- Opening Delimiter -
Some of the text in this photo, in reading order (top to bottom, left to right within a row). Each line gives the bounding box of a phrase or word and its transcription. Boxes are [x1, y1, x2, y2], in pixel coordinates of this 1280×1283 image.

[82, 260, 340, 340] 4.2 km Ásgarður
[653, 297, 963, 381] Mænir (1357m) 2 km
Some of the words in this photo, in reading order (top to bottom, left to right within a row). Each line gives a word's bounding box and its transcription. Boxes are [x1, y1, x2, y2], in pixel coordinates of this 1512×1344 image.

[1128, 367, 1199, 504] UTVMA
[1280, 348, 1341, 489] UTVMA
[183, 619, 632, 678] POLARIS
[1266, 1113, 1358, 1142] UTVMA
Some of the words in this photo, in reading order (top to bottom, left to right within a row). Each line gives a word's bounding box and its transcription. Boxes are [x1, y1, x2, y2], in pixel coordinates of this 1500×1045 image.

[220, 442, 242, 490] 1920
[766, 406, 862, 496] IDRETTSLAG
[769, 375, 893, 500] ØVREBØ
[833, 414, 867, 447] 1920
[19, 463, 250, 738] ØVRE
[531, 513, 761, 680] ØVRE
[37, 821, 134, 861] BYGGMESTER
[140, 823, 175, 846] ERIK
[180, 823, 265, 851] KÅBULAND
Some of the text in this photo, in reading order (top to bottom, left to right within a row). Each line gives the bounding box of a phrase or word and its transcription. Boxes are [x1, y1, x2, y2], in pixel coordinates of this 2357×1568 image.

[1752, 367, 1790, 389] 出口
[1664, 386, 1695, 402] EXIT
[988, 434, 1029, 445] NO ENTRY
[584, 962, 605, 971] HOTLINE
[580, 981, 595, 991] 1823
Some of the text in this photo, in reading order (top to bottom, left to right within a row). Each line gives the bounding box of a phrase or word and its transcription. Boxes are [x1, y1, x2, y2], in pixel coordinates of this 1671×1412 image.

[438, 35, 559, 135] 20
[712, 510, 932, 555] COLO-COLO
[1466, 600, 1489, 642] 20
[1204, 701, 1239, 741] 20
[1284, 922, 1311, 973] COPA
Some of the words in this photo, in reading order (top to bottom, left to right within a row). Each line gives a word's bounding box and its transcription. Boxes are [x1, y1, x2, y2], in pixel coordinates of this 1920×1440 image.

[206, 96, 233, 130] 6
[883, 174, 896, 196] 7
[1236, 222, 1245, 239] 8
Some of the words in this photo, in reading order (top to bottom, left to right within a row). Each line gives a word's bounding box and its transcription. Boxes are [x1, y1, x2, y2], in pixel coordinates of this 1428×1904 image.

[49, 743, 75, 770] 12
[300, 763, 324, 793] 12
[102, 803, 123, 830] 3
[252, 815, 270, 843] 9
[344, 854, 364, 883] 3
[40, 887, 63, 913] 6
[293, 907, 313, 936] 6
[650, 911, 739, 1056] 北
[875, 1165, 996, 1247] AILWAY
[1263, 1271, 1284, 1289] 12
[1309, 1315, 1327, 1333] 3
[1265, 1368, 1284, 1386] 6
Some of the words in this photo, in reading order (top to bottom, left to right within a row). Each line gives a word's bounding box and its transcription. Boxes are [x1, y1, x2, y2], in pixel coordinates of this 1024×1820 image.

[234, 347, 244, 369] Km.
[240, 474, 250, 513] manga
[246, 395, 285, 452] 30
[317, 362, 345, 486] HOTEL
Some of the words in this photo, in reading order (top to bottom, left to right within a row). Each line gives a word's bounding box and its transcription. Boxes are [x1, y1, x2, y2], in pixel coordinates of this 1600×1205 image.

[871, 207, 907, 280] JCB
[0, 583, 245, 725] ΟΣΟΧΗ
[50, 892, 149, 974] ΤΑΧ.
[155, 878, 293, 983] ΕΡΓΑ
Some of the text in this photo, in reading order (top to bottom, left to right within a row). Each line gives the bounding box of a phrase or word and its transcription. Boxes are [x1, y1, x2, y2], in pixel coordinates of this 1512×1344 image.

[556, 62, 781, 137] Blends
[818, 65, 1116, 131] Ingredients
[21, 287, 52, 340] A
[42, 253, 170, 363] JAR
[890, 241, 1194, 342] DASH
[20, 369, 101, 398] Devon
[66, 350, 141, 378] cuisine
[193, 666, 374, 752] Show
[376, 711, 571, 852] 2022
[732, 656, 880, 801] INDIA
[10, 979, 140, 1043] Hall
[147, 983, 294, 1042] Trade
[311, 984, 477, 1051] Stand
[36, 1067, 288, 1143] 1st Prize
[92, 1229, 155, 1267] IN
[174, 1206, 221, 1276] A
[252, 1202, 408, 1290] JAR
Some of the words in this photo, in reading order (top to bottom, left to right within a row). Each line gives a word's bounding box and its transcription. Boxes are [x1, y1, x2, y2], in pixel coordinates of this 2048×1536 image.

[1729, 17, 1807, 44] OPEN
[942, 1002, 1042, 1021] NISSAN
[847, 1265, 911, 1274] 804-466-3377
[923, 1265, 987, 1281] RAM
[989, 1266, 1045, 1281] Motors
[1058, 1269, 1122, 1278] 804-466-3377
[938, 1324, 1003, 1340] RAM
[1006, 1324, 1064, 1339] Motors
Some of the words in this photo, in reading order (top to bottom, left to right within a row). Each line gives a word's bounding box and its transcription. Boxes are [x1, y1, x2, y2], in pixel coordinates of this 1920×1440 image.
- Closing Delimiter -
### WORK ORDER:
Output the listing exactly. Leave no line out.

### RESPONSE TO THIS TASK:
Some of the text in this photo, in reading order (top to bottom, left to right within a row). Each line gives the bounding box of a phrase or word and its transcription. Boxes are [x1, y1, x2, y2], in pixel coordinates of this 1280×1283 image.

[82, 260, 340, 340] 4.2 km Ásgarður
[653, 297, 963, 381] Mænir (1357m) 2 km
Some of the words in this photo, in reading order (top to bottom, left to right within a row). Each line gives a word's bounding box and its transcription. Boxes are [x1, y1, x2, y2], in pixel coordinates of this 1512×1344 image.

[1128, 367, 1199, 504] UTVMA
[1280, 348, 1341, 489] UTVMA
[183, 619, 632, 678] POLARIS
[1266, 1113, 1358, 1142] UTVMA
Some of the words in this photo, in reading order (top to bottom, left to right within a row). Each line gives a word's bounding box and its transcription. Boxes are [x1, y1, x2, y2], in pixel coordinates of this 1500×1045 image.

[220, 442, 242, 490] 1920
[766, 406, 862, 496] IDRETTSLAG
[769, 375, 893, 500] ØVREBØ
[833, 414, 867, 447] 1920
[19, 463, 250, 738] ØVRE
[531, 513, 761, 680] ØVRE
[37, 821, 134, 861] BYGGMESTER
[140, 823, 175, 846] ERIK
[180, 823, 265, 851] KÅBULAND
Some of the text in this photo, in reading order (top to bottom, left to right within a row). Each line gives the bounding box of a phrase or word and its transcription. Boxes are [x1, y1, x2, y2], in pixel coordinates of this 2357×1568 image.

[1752, 367, 1790, 389] 出口
[1664, 386, 1695, 402] EXIT
[988, 434, 1029, 445] NO ENTRY
[584, 962, 605, 971] HOTLINE
[580, 981, 595, 991] 1823
Some of the text in this photo, in reading order (top to bottom, left to right within a row). Each line gives the bounding box of a phrase or word and its transcription. Boxes are [x1, y1, x2, y2], in pixel coordinates of this 1671×1412 image.

[438, 35, 559, 135] 20
[712, 510, 932, 555] COLO-COLO
[1466, 600, 1489, 642] 20
[1204, 701, 1239, 741] 20
[1284, 922, 1311, 973] COPA
Some of the words in this photo, in reading order (top to bottom, left to right within a row). Each line gives a word's bounding box and its transcription. Boxes are [x1, y1, x2, y2], in pixel coordinates of this 1920×1440 image.

[206, 96, 233, 130] 6
[883, 174, 896, 196] 7
[1236, 222, 1245, 239] 8
Some of the words in this photo, in reading order (top to bottom, left to right within a row). Each line gives a word's bounding box and its transcription. Boxes are [x1, y1, x2, y2], in pixel coordinates of this 1428×1904 image.

[49, 743, 75, 770] 12
[300, 763, 324, 793] 12
[102, 803, 123, 830] 3
[252, 815, 270, 843] 9
[344, 854, 364, 883] 3
[40, 887, 63, 913] 6
[293, 907, 313, 936] 6
[650, 911, 739, 1056] 北
[875, 1165, 996, 1247] AILWAY
[1263, 1271, 1284, 1289] 12
[1309, 1315, 1327, 1333] 3
[1265, 1368, 1284, 1386] 6
Some of the words in this photo, in reading order (top to bottom, left to right within a row). Each line gives a word's bounding box and its transcription. Boxes are [x1, y1, x2, y2], in pixel coordinates of this 1024×1820 image.

[234, 347, 244, 369] Km.
[240, 474, 250, 513] manga
[246, 395, 285, 452] 30
[317, 362, 345, 486] HOTEL
Some of the words in this photo, in reading order (top to bottom, left to right within a row). Each line gives a word's bounding box and its transcription. Boxes are [x1, y1, x2, y2], in pixel coordinates of this 1600×1205 image.

[871, 207, 907, 280] JCB
[0, 583, 245, 725] ΟΣΟΧΗ
[50, 892, 149, 974] ΤΑΧ.
[155, 878, 293, 983] ΕΡΓΑ
Some of the text in this photo, in reading order (top to bottom, left to right within a row). Each line gives the bounding box of a phrase or word and its transcription. Boxes are [x1, y1, x2, y2], in pixel coordinates of this 1512×1344 image.

[556, 62, 781, 137] Blends
[818, 65, 1116, 131] Ingredients
[21, 287, 52, 340] A
[42, 253, 170, 363] JAR
[890, 241, 1194, 342] DASH
[20, 369, 101, 398] Devon
[66, 350, 141, 378] cuisine
[193, 666, 374, 752] Show
[376, 711, 571, 852] 2022
[732, 656, 880, 801] INDIA
[10, 979, 140, 1043] Hall
[147, 983, 294, 1042] Trade
[311, 984, 477, 1051] Stand
[36, 1067, 288, 1143] 1st Prize
[92, 1229, 155, 1267] IN
[174, 1206, 221, 1276] A
[252, 1202, 408, 1290] JAR
Some of the words in this photo, in reading order (top to bottom, left to right within a row). Each line gives a word's bounding box and its transcription. Boxes are [x1, y1, x2, y2], in pixel coordinates of this 2048×1536 image.

[1729, 17, 1807, 44] OPEN
[942, 1002, 1042, 1021] NISSAN
[847, 1265, 911, 1274] 804-466-3377
[923, 1265, 987, 1281] RAM
[989, 1266, 1045, 1281] Motors
[1058, 1269, 1122, 1278] 804-466-3377
[938, 1324, 1003, 1340] RAM
[1006, 1324, 1064, 1339] Motors
Some of the words in this photo, in reading order (top to bottom, left to right within a row). Each line gives a word's bounding box and its transcription. Boxes are [x1, y1, x2, y2], in pixel coordinates of this 1920×1440 image.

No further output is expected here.